I think the Snake expert was taken this episode. Kind of a big deal.Falseprophet said:It's still pretty bland, but genre shows almost always need a few episodes to find their footing. Right now we're still in a housekeeping phase: introduce the team, bring the team together, start having them work as a team, hint that they have other things going on like mysterious past, etc.
And the bad guys would have gotten away with it, if they'd only used zip-ties instead of rope!

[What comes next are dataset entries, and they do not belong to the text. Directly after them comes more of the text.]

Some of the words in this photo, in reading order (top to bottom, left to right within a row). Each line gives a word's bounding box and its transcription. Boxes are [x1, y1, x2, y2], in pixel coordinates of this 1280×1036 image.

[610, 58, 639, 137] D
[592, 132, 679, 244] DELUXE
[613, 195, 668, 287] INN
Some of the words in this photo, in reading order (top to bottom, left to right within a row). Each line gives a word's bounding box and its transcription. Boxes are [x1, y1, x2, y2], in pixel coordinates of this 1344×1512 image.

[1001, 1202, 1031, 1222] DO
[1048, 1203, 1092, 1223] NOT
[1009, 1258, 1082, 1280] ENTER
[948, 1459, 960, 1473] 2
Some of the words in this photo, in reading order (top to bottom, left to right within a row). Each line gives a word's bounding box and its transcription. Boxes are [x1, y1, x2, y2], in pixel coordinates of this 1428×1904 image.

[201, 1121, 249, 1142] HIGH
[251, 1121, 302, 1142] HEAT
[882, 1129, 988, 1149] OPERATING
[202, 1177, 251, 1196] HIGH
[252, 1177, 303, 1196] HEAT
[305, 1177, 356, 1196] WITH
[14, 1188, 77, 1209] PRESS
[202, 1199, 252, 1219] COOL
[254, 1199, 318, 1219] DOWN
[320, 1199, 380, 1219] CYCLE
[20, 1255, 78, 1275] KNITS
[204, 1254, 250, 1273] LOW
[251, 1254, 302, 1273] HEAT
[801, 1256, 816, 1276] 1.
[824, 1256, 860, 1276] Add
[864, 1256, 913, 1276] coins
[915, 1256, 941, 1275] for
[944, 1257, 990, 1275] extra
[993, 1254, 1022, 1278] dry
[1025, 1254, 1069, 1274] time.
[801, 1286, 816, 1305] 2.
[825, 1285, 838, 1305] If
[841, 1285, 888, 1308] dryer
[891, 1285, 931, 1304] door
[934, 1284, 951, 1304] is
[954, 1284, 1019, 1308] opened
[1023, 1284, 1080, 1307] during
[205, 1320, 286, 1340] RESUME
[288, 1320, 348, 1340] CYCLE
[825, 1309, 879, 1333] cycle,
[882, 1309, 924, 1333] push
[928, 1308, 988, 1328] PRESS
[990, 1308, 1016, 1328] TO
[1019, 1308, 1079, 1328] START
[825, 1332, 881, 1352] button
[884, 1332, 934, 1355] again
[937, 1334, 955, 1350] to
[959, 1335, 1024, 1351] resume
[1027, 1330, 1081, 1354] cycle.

One slight tangent, though. I am so tired of those conversations where the resident smart guy/scientist character starts explaining things in techno-babble, only for another character to interrupt with, "English, please?" Can we ever get a smarty-pants character on a team who knows how to communicate with laypeople effectively? The snake expert from Snakes On a Plane is the only one I remember!
To be fair, the big thing that seems to be happening with this show is several continuous story-arcs that get resolved later down the road in the stead of typical "CLIFFHANGER, OMG YOU GOTTA KEEP WATCHING TO GET THE... NEXT CLIFFHANGERRR!!!!!" as you put it. Maybe it's trying to appeal to multiple types of people, but either way it's more interesting that way, at least to me.Seneschal said:I cannot express how glad I am at the show's "90s-ness"; it definitely wouldn't look out of place alongside Xena and the X-Files. I haven't been the biggest fan of the tense, breathless, season-long plots custom-made to give every episode a cliffhanger that have been trending since 2004 - they can be effective, but keeping up with more than two such shows saps all of my attention.
I prefer the episodic style that S.H.I.E.L.D. is going for. Not that 90s-style plots couldn't be terrible (Brannon Braga's Terra Nova is a good modern example of how NOT to do a monster-of-the-week show), but S.H.I.E.L.D. is doing it justice. I'm still worried (justifiably, based on some of the comments) that modern audiences don't really want something like that. The ratings probably plummeted this week, though I haven't checked.
It seems to me it's doing the Fringe/X-Files thing of appending snippets of the myth arc in every episode, even if they're totally self-contained mysteries-of-the-week, and then when they reach critical-snippet-mass, you get a myth arc episode that's all about the "main" story. At least I hope that's what it's doing, since I loved how Fringe did it.Ferisar said:To be fair, the big thing that seems to be happening with this show is several continuous story-arcs that get resolved later down the road in the stead of typical "CLIFFHANGER, OMG YOU GOTTA KEEP WATCHING TO GET THE... NEXT CLIFFHANGERRR!!!!!" as you put it. Maybe it's trying to appeal to multiple types of people, but either way it's more interesting that way, at least to me.